Feces are excreted into a container or honey bucket. Sometimes collected in the container with urine and other waste. Often the deposition or excretion occurs within the residence, such as in a shophouse faced with overpopulation. This system is used in isolated rural areas and is important in developing nations or in areas that lack the adequate infrastructure to have running water.

The material is collected temporarily and will be disposed of depending on local custom.

Disposal has varied through time. In urban areas, usually slums, a night soil collector will arrive regularly, at varying time periods depending on the supply and demand for night soil collection. Usually this occurs during the night, giving the night soil its name.

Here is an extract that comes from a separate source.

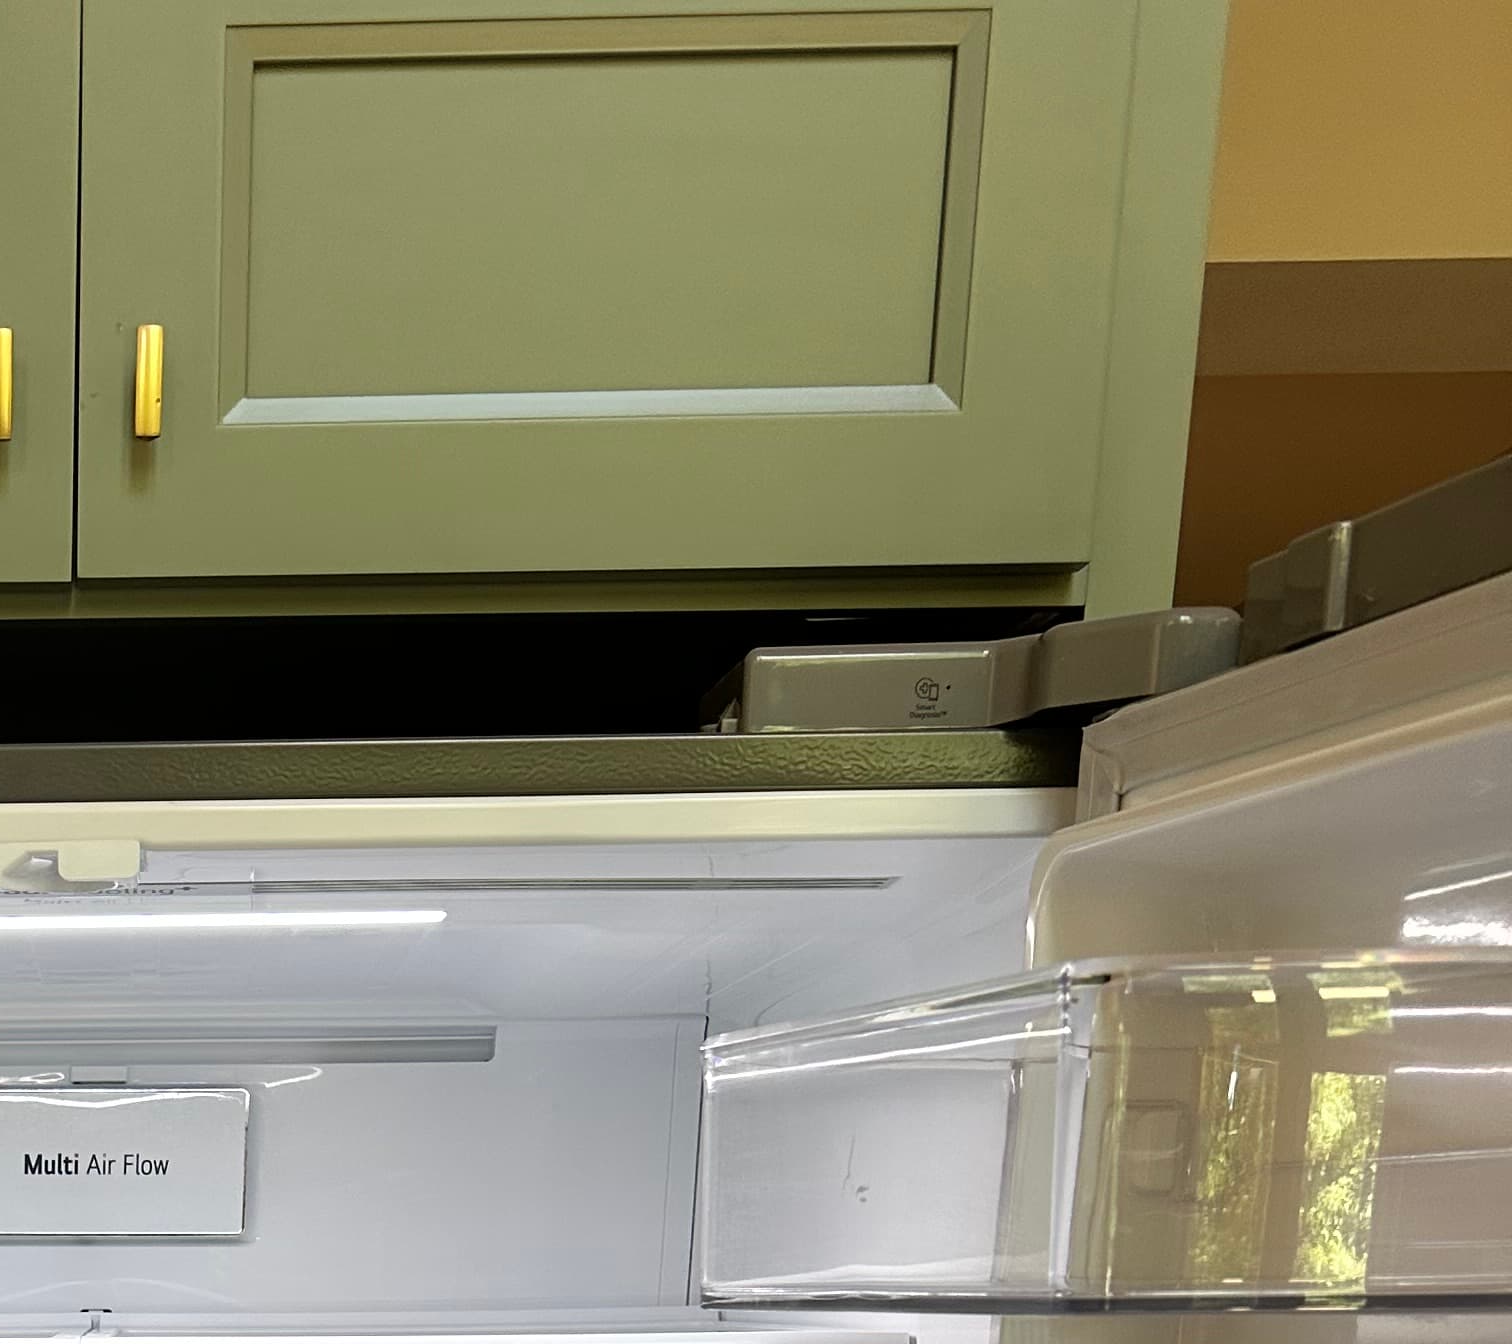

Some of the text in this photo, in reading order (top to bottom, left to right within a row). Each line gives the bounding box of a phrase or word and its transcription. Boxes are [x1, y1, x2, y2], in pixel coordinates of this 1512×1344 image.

In isolated rural areas such as in farms, the household will usually dispose of the night soil themselves, but this practice is generally not referred to as night soil, though the eventual fate of the night soil, and style of handling, is similar.[citation needed]

After arriving at a collection point, usually as a special treatment centre within the city, or perhaps an open cesspit, methods on dealing with the waste varies. The waste may go on being shipped to another larger centre to be ultimately taken care of, or be disposed of at that particular juncture.

Without proper treatment, the use of human feces as fertiliser is a highly hazardous practice because of disease-causing microbes they contain. Nevertheless, in developing nations it is a common practice. Parasitic worm infections, such as Ascariasis in these countries are linked to night soil, since the larvae are in feces. There have also been cases of disease-carrying tomatoes, lettuce, and other vegetables being imported from undeveloped nations into more developed nations. However, night soil does not necessarily need to be reused as fertiliser and may merely be disposed of and remain unused.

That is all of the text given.